Even if you are well-informed about online privacy, you should review the following list of insidious schemes you should keep a lookout for.

1. Employment-related scams

Even with unemployment low, you might find it difficult to find a job that is the right fit for your skills, experience and other factors, such as location. It is easy to feel like you’re fighting an uphill battle. That is why it is especially frustrating when you come across a job that seems like the perfect fit, only to find out it is a scam.

Employment scams can be sneaky and take different forms. From fake job listings to fraudulent hiring practices, it is important to pay attention to any red flags that might indicate you’re dealing with a scammer, including:

The employer asks for money: A legitimate employer should not ask you to pay anything to start working. If an employer asks you to pay a fee or to cover the cost of training, it is likely a scam.

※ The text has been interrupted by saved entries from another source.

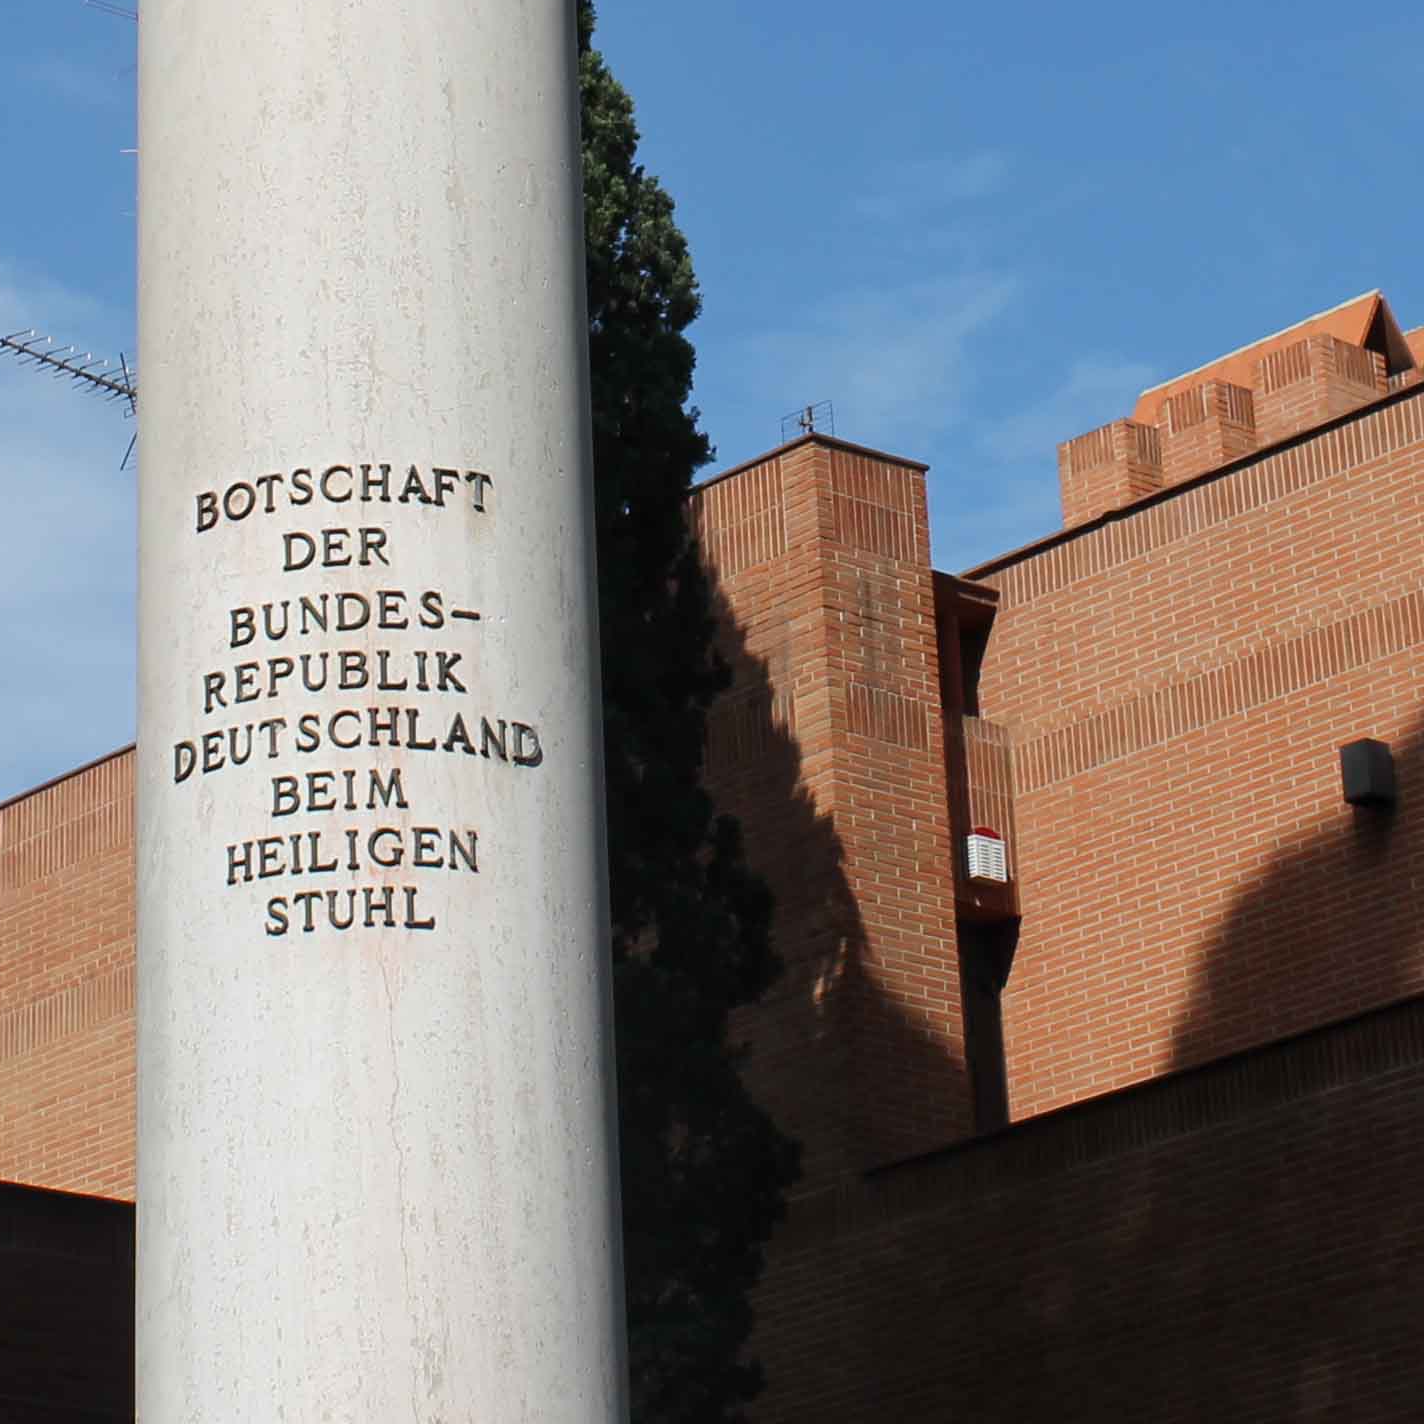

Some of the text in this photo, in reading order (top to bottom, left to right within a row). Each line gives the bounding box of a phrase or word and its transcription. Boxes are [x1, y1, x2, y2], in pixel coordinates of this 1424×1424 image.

[195, 463, 494, 534] BOTSCHAFT
[282, 527, 390, 573] DER
[229, 590, 481, 649] BUNDES-
[203, 650, 467, 715] REPUBLIK
[173, 706, 544, 785] DEUTSCHLAND
[271, 767, 409, 818] BEIM
[226, 827, 480, 887] HEILIGEN
[264, 886, 436, 937] STUHL
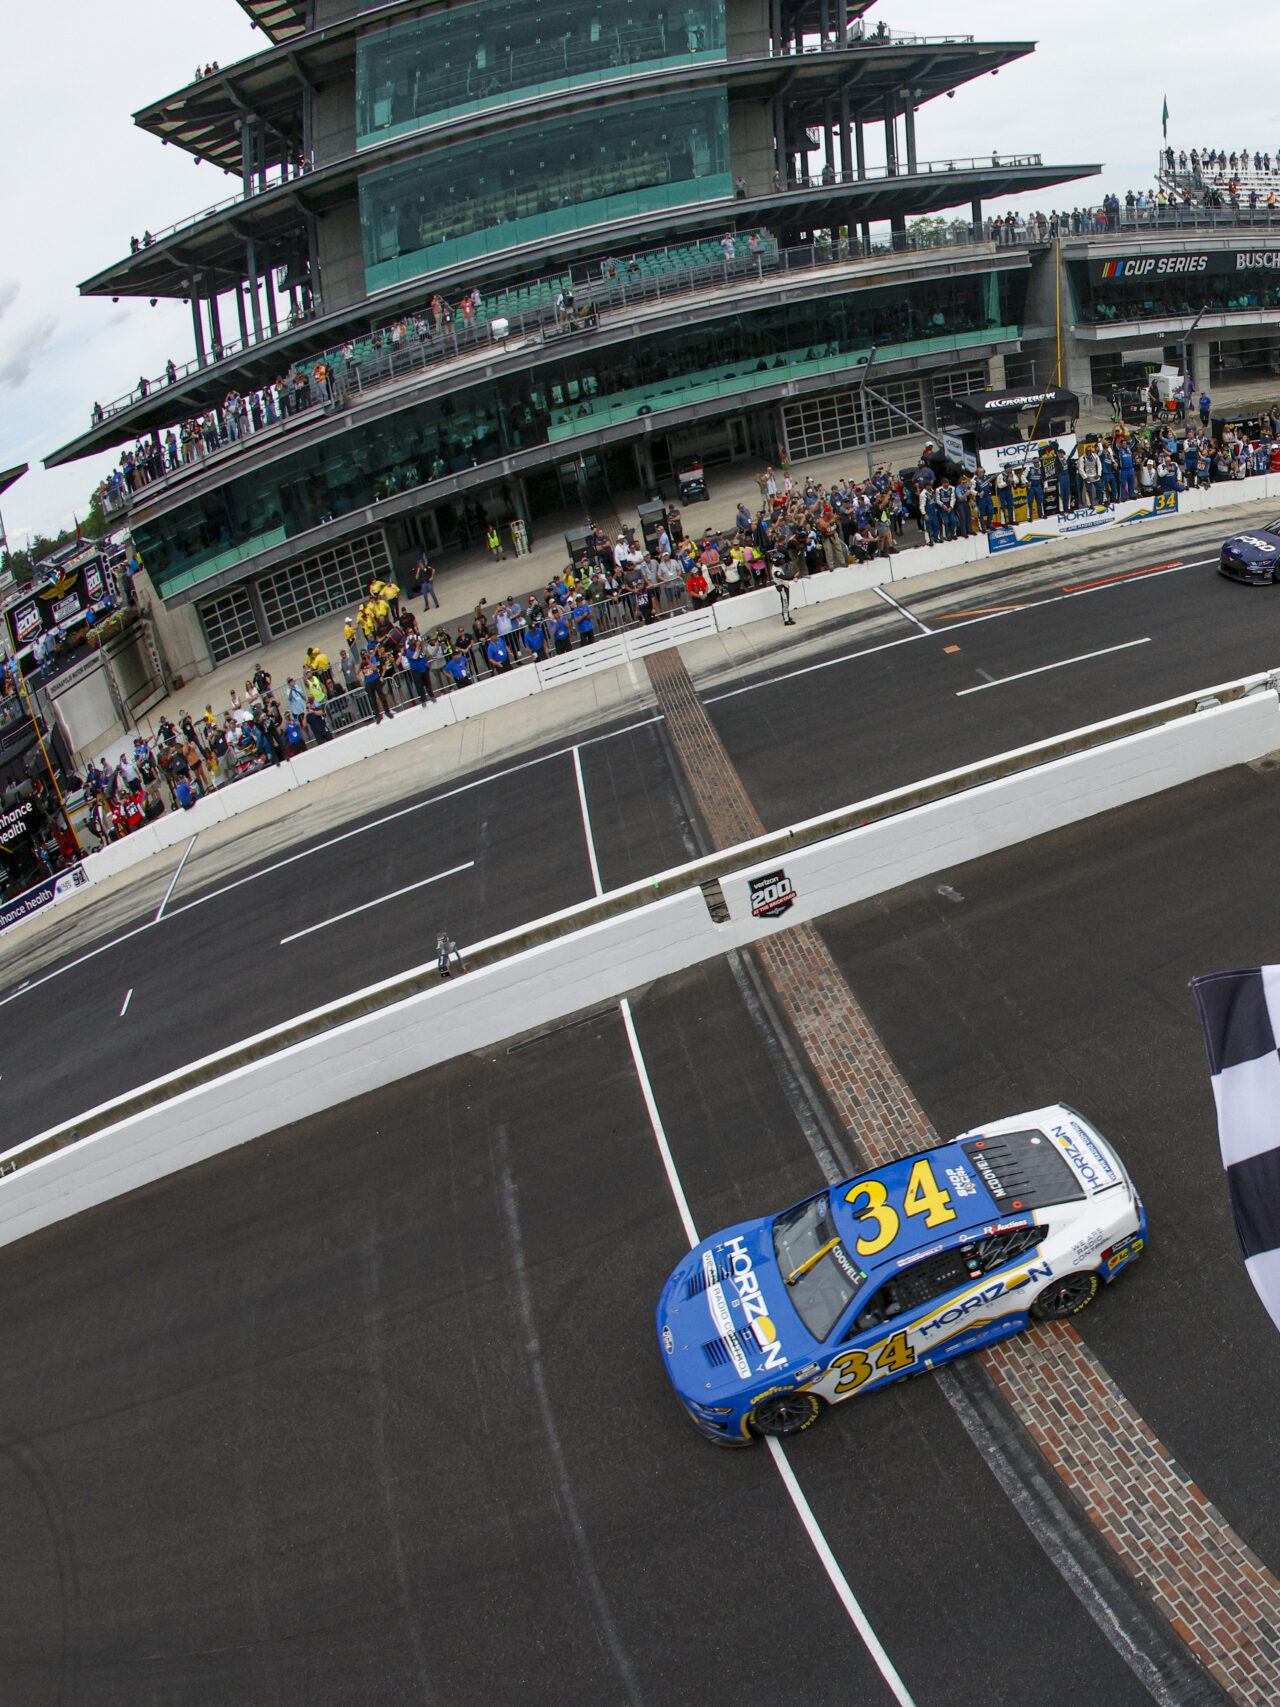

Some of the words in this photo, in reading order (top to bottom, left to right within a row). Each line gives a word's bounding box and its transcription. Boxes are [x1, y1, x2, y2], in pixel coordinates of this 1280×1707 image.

[1124, 257, 1155, 276] CUP
[1156, 255, 1208, 273] SERIES
[1057, 503, 1115, 524] HORIZON
[1155, 492, 1176, 511] 34
[1234, 535, 1276, 552] FORD
[18, 611, 38, 632] 200
[0, 802, 32, 829] nhance
[751, 879, 792, 910] 200
[753, 876, 779, 889] verizon
[0, 905, 26, 926] hance
[26, 889, 53, 911] health
[760, 904, 770, 913] THE
[1051, 1125, 1104, 1190] HORIZON
[945, 1168, 969, 1197] SHOP
[957, 1165, 977, 1195] LOCAL
[844, 1158, 957, 1257] 34
[1077, 1234, 1104, 1255] RADIO
[831, 1244, 861, 1285] CDOWELL
[713, 1287, 729, 1317] RADIO
[724, 1235, 788, 1371] HORIZON
[918, 1261, 1053, 1337] HORIZON
[830, 1330, 916, 1395] 34
[750, 1385, 795, 1404] GOODYEAR

The employer is difficult to contact or verify: If you are unable to contact the employer easily or verify their identity, it may be a scam.

The employer is vague or evasive: If the employer is unwilling to provide details about the job or the company, it could be a sign of a scam.

2. Investment-related scams

Swindlers can create fake investment opportunities to get people to part with their cash. While scams involving virtual currencies have been among the most popular ones in recent years, traditional investing has its own fair share of fraudulent schemes to watch out for. They can be convincing — the scammers will often promise high returns with minimal risk to lure in victims.

If an investment opportunity seems too good to be true, it probably is. Investment-related scams are especially dangerous because they can involve large sums of money which can be hard to recover.

Here ae red flags to watch out for:

Pressure to invest right away: Scammers will often try to pressure their victims into investing right away lest they have time to do their own research or to consult with a financial adviser. Be wary of anyone who tries to rush you into making a decision. Take the time to research any investment opportunity thoroughly before committing.

Unsolicited offers: Be cautious of any investment opportunities that come out of the blue. Scammers will often use unsolicited emails, calls or social media messages to lure victims.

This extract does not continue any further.